Les enfants ont déjà pianoté avec Cathy. Dans le silence du village, une source diamantée, un ruissellement de caresses, gratitude de la douceur.
Nous irons manger à trente minutes de marche du village, dans une clairière sous les oliviers. Une brise nous rafraîchi, le jeu souple des branches d’olivier, un beau symbole pour une atmosphère de paix.
Retour vers le village, au détour du chemin un petit détachement de militaire est là, tranquille mais pour la première fois avec des armes apparentes. Nous allons vers eux pour les saluer et les remercier. Ils veillent sur nous, on ne sait jamais !
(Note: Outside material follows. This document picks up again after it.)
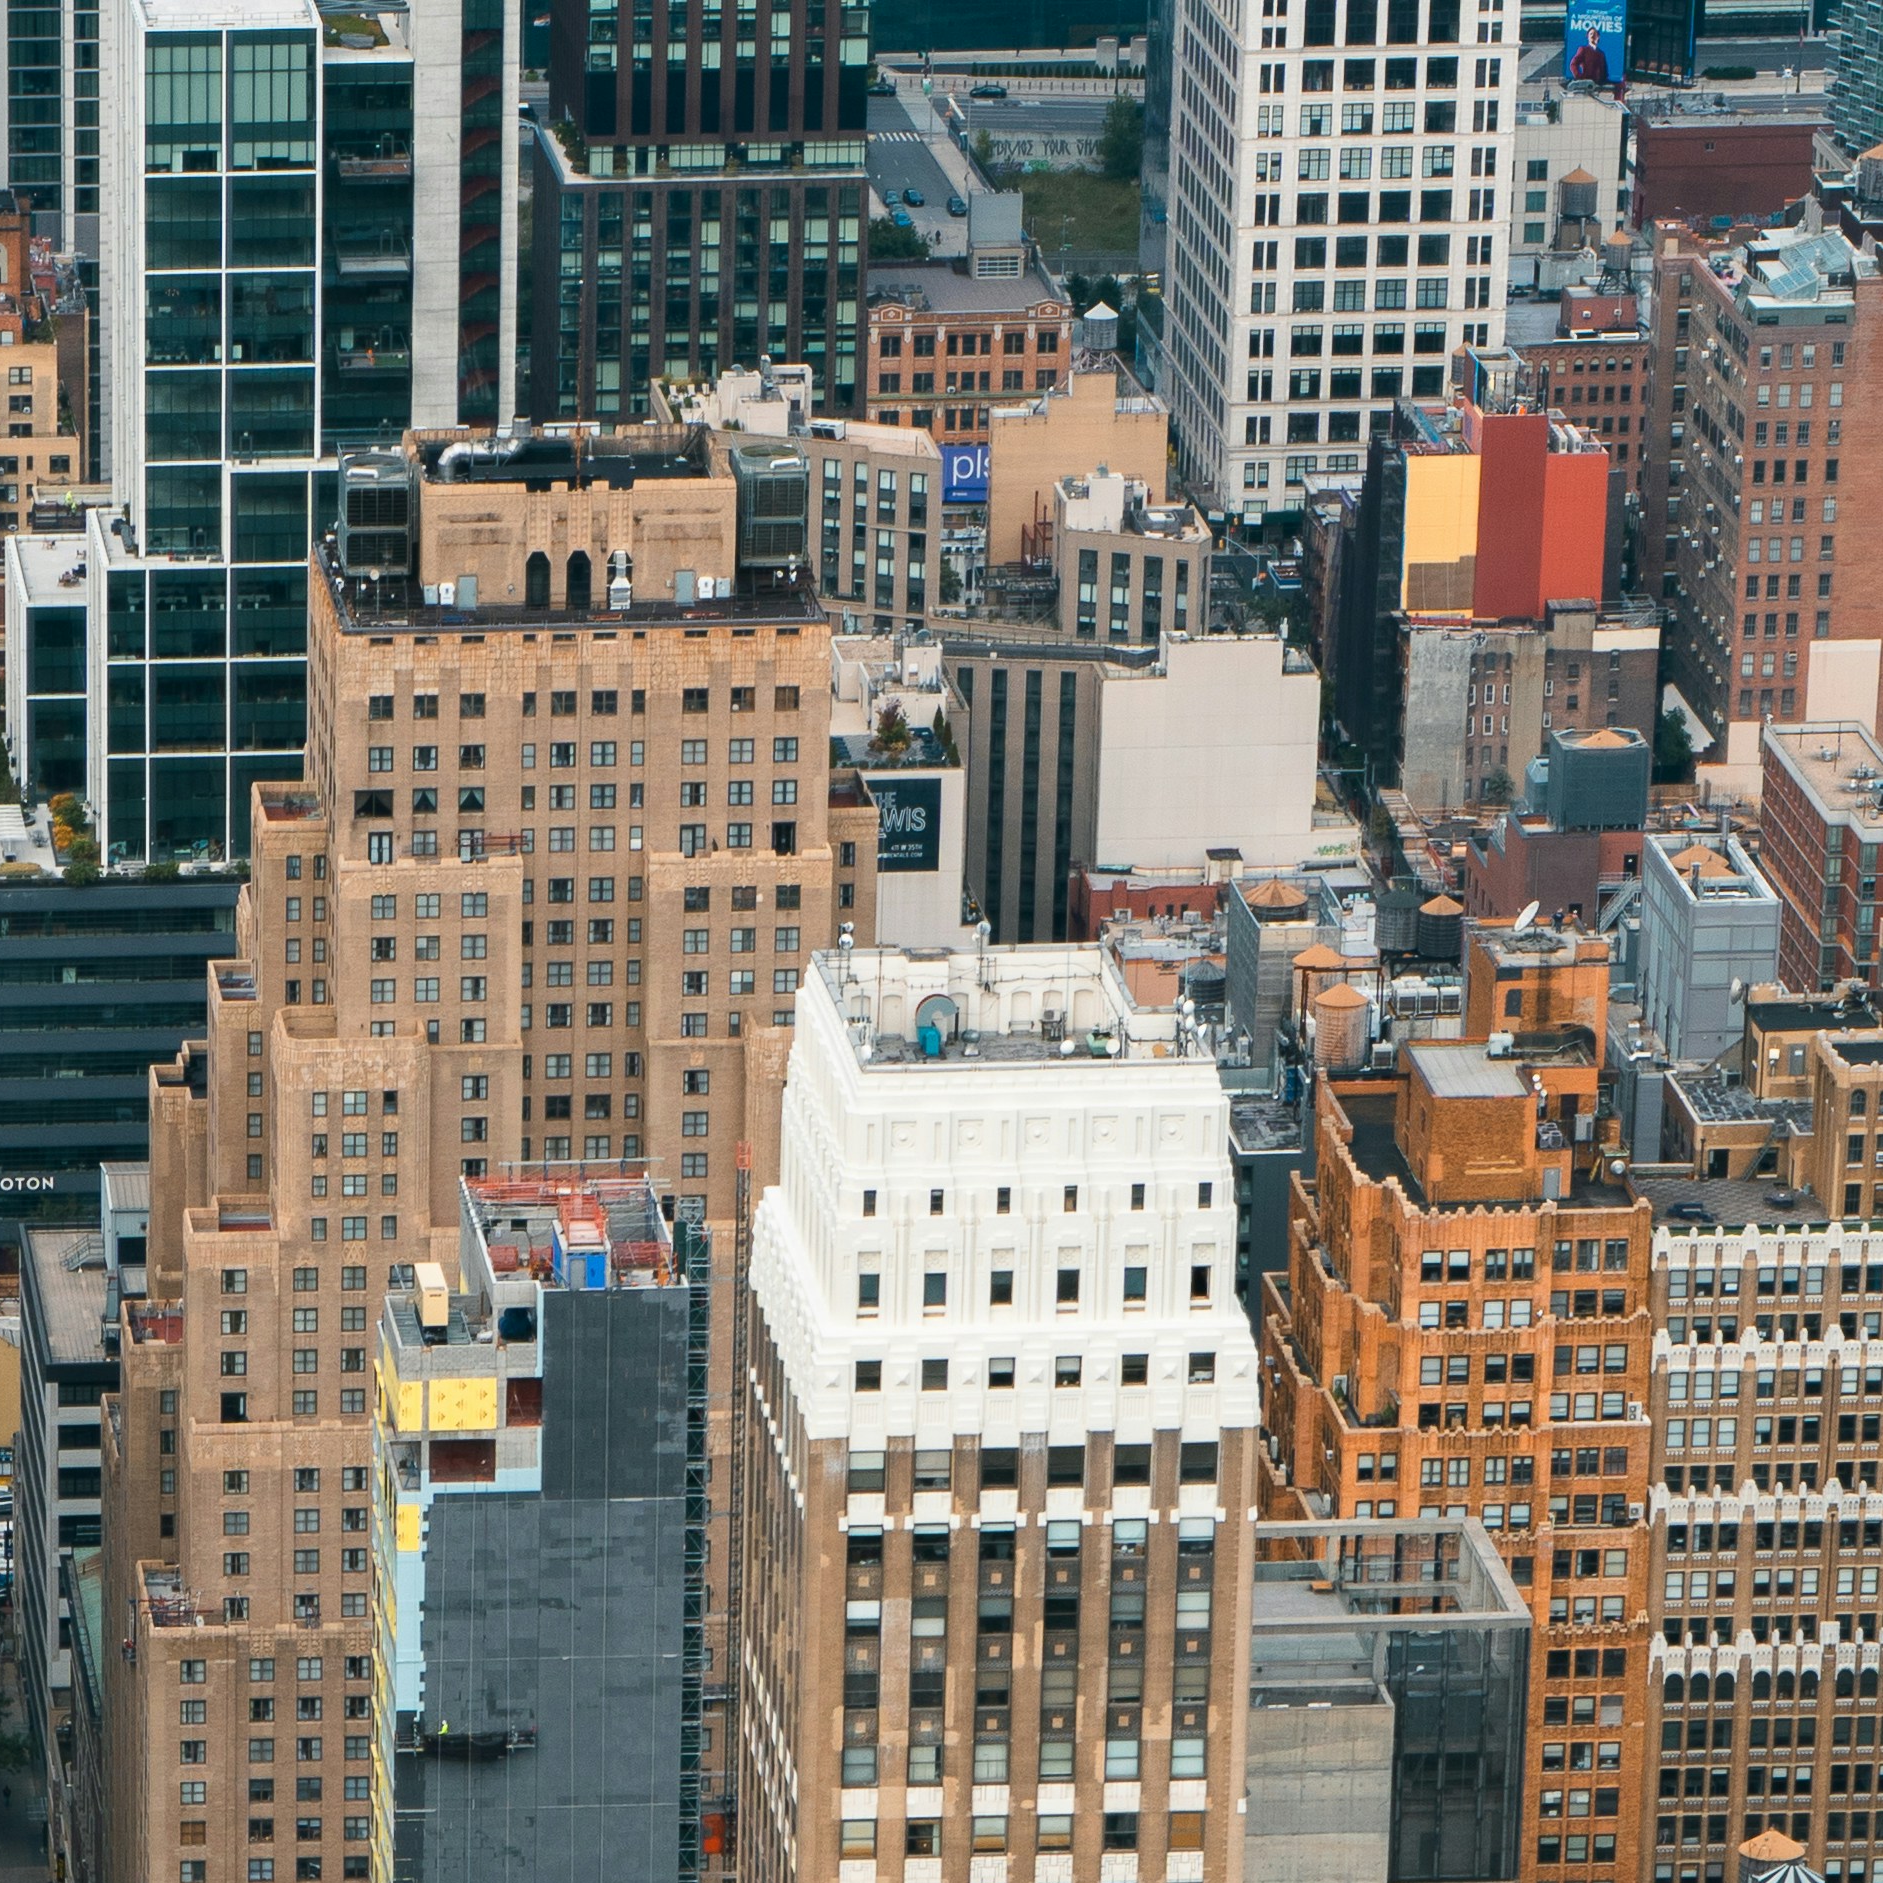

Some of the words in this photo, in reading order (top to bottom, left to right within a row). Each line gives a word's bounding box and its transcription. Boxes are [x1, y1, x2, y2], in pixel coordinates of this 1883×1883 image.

[1577, 13, 1613, 21] MOUNTAIN
[1570, 19, 1623, 33] MOVIES
[880, 806, 926, 836] WIS
Une petite anecdote : déjà les policiers en civil, donc plus discrets, n’ont pas eu peur de se présenter lorsqu’innocemment j’ai été vers eux pour les rencontrer. Je me suis permis de leur préciser :’Non, vous êtes des gardiens de la Paix, en France cet emploi a disparu mais je crois savoir que cette expression existe encore chez vous, s’il vous plaît, gardez la, préservez la et en nous accompagnant, nous , caravaniers de la Paix, ce terme vous convient parfaitement’.
Toujours la faveur de la rencontre pour dire ce qui nous motive et nous anime.
Claude
Après un somptueux ‘pique-nique’, un des meilleurs repas depuis notre arrivée, certains font la sieste, d’autres digèrent en dansant au rythme des percussions et flûtes des musiciens du village qui nous accompagnent.
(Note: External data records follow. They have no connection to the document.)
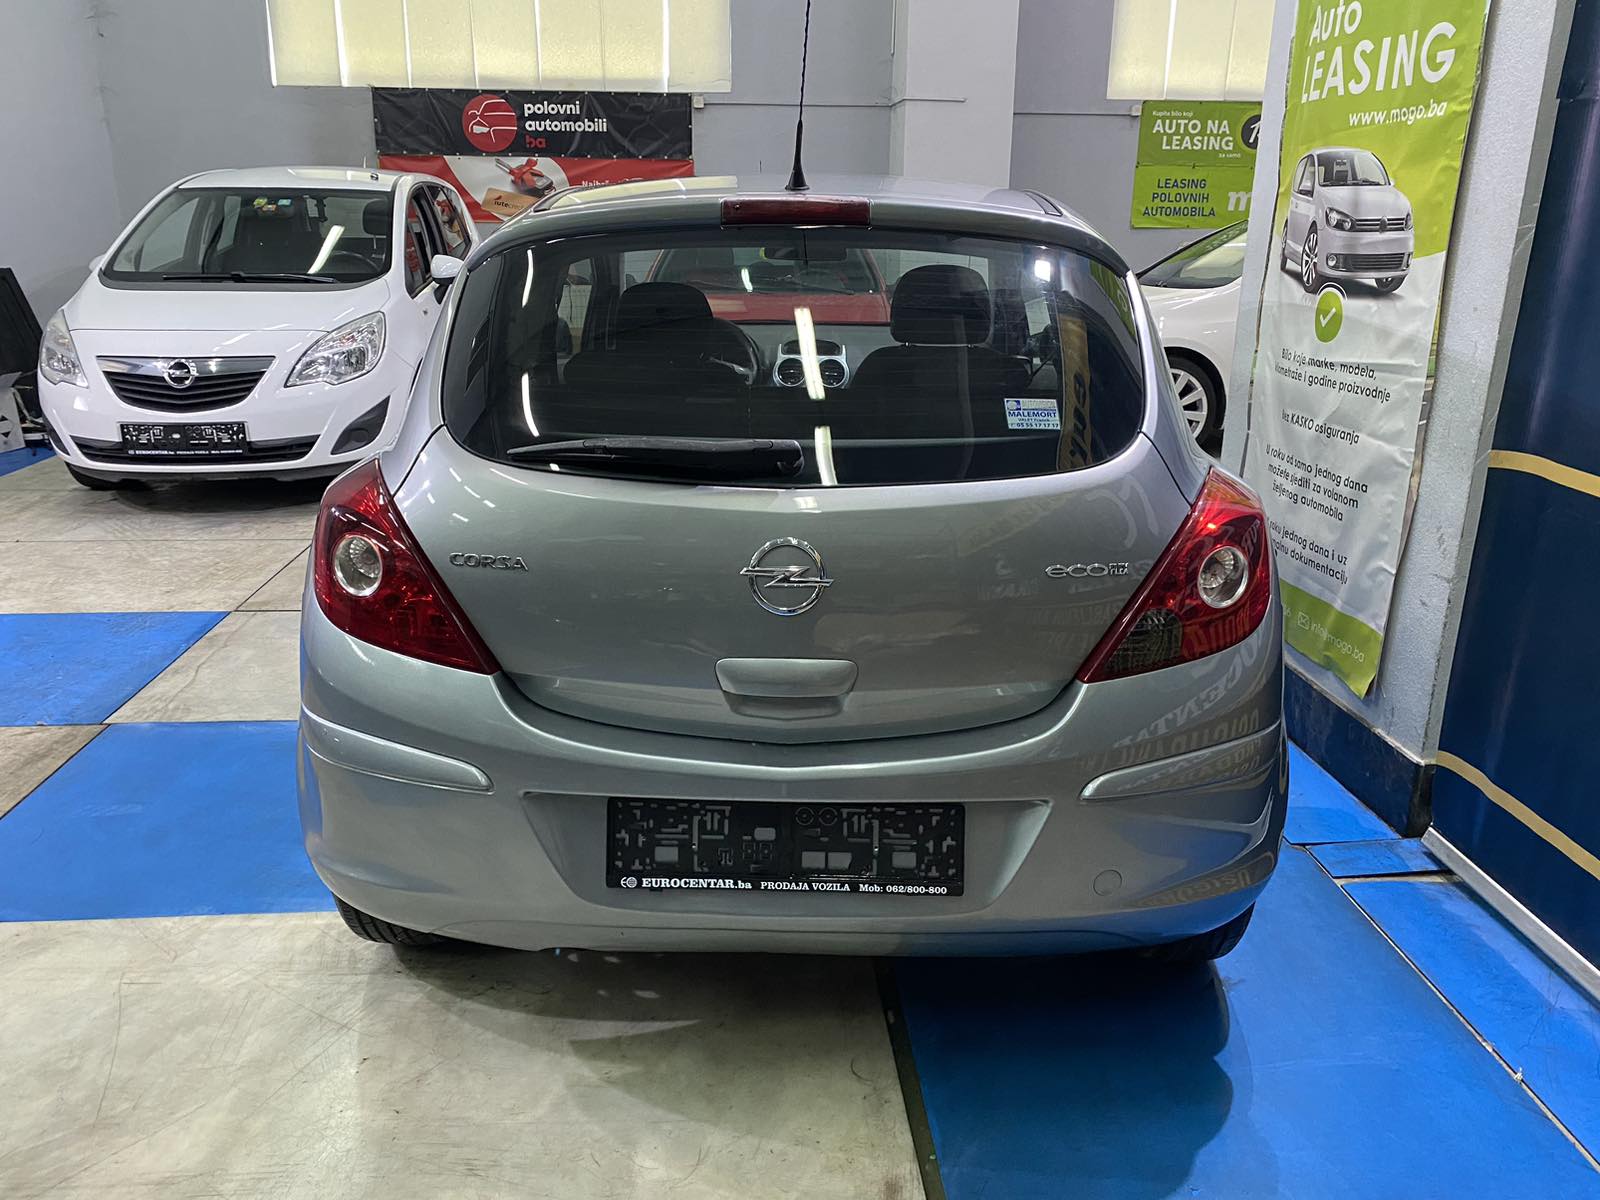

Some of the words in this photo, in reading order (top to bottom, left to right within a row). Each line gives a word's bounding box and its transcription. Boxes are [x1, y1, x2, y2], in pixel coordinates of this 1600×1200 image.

[1309, 0, 1362, 47] Auto
[1301, 22, 1456, 104] LEASING
[524, 101, 580, 117] polovni
[1349, 99, 1448, 126] www.mogo.ba
[525, 118, 607, 132] automobili
[1152, 119, 1201, 134] AUTO
[1206, 120, 1229, 134] NA
[1162, 135, 1234, 150] LEASING
[1157, 178, 1206, 189] LEASING
[1152, 193, 1209, 203] POLOVNIH
[1142, 206, 1216, 217] AUTOMOBILA
[1293, 351, 1306, 366] koje
[1340, 363, 1376, 380] modela,
[1308, 375, 1337, 389] godine
[1338, 382, 1391, 403] proizvodnje
[1291, 413, 1314, 430] KASKO
[1314, 423, 1360, 445] osiguranja
[1266, 444, 1270, 454] U
[1270, 448, 1285, 461] roku
[1286, 455, 1294, 465] od
[1294, 459, 1312, 473] samo
[1314, 464, 1342, 487] jednog
[1343, 476, 1368, 493] dana
[1268, 464, 1289, 481] možete
[1312, 482, 1321, 493] za
[1323, 487, 1359, 508] volanom
[1300, 495, 1343, 521] automobila
[1282, 526, 1307, 550] jednog
[1308, 541, 1329, 558] dana
[1331, 549, 1335, 560] i
[1337, 554, 1348, 566] uz
[449, 552, 528, 571] CORSA
[641, 877, 752, 889] EUROCENTAR.ba
[760, 881, 810, 890] PRODAJA
[812, 882, 850, 892] VOZILA
[859, 883, 883, 893] Mob:
[886, 884, 948, 895] 062/800-800
Puis retour à Toujane avec une superbe vue sur la plaine donnant sur le Golfe de Gabès ; nous sommes ici à une quarantaine de kilomètres de la Méditerranée.
Le concert est prévu à 16 heures sur la petite place où le piano est installé, devant les chambres d’hôtes de Touati et Habib. Un cadre idéal calme et harmonieux, idéal pour se ressourcer quelques jours en découvrant les traditions berbères.
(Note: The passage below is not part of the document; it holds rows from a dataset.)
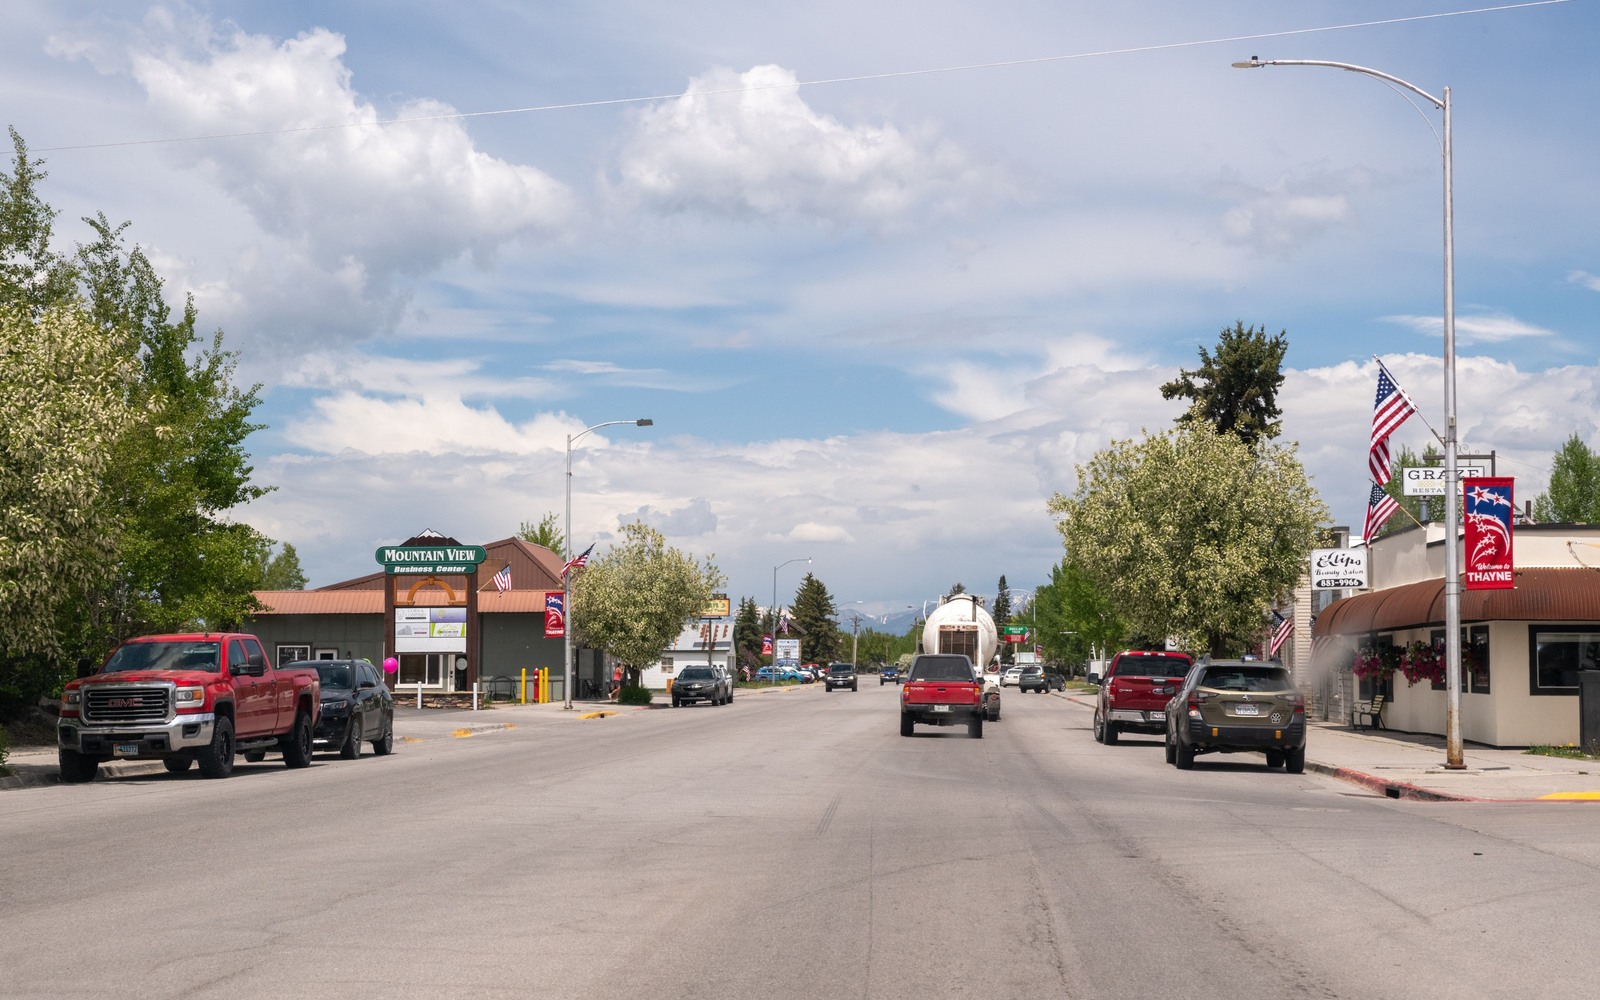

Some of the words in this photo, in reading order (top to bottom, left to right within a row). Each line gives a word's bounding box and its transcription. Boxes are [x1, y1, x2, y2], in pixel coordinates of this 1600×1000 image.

[384, 549, 444, 562] MOUNTAIN
[446, 548, 476, 561] VIEW
[436, 565, 467, 573] Center
[1475, 562, 1503, 571] Welcome
[1315, 569, 1340, 578] Beauty
[1467, 571, 1512, 582] THAYNE
[1320, 579, 1359, 587] 883-9966
[108, 698, 143, 707] GMC
Touati a convié les 120 familles du village, mais la place est quasiment vide. Il était prévu de jouer pour les femmes, faire venir la musique à elles qui ne sortent jamais. Nous comprendrons qu’elles ne sortent jamais… du village… et de leurs maisons… sauf pour de rares occasions, mariage ou fête du village. Elles ne se retrouvent même pas entre femmes. Chacune reste chez elle, à tisser les kilims et à s’occuper de l’intendance de la maison. Les hommes, quant à eux, vendent les tapis traditionnels créés par leurs femmes, ainsi que de l’huile d’olive, du miel de romarin, du lagmi, ce nectar sucré tiré de la sève du palmier-dattier.
En demandant aux femmes de sortir, la gène se fait sentir. Elles n’en ont tellement pas l’habitude ; et comment cela serait perçu par le reste du village si seules une ou deux femmes nous rejoignent ? Pour nous cela semble si emprisonnant…
En passant dans une petite rue adjacente à la place du concert, je suis attirée par la cour d’une maison dont la porte est ouverte et où un petit groupe de femmes qui prend le thé me fait signe. Un verre m’est offert avec quelques succulentes figues fraîches. Elles parlent peu le français et je leur explique qu’un concert de piano a lieu en ce moment, pour les habitants du village. Elles se laissent finalement convaincre de me suivre, à condition de changer de vêtements ‘’fissa fissa’’. Les rires sont nombreux autour de cette étrangère venue à leur rencontre qui parle seulement quelques mots d’arabe et les entraine vers le piano. La place ne s’est pas plus remplie. Les habitants ne venant pas à nous, décision est prise d’aller vers eux par une petite déambulation sur la route principale qui traverse le village. Peu de présence à l’extérieur mais tous sont informés de notre venue et ceux que nous rencontrons sont touchés de cette présence amoureuse.
Vers 18 heures, nous reprenons la route vers Tamezret, petit village troglodyte bâti comme un château-fort, avec ses souterrains. Monji nous y attend pour une visite de la petite maison-musée qu’il a réhabilité afin de préserver et faire découvrir les traditions berbères. Les informations que nous recevons sont passionnantes et nous font prendre conscience de l’ouverture de cette culture et de son avancée sur des sujets tels que la religion, l’égalité homme/femme.
Nous repartons tardivement dîner et passer la nuit dans un hôtel troglodyte des environs de Matmata.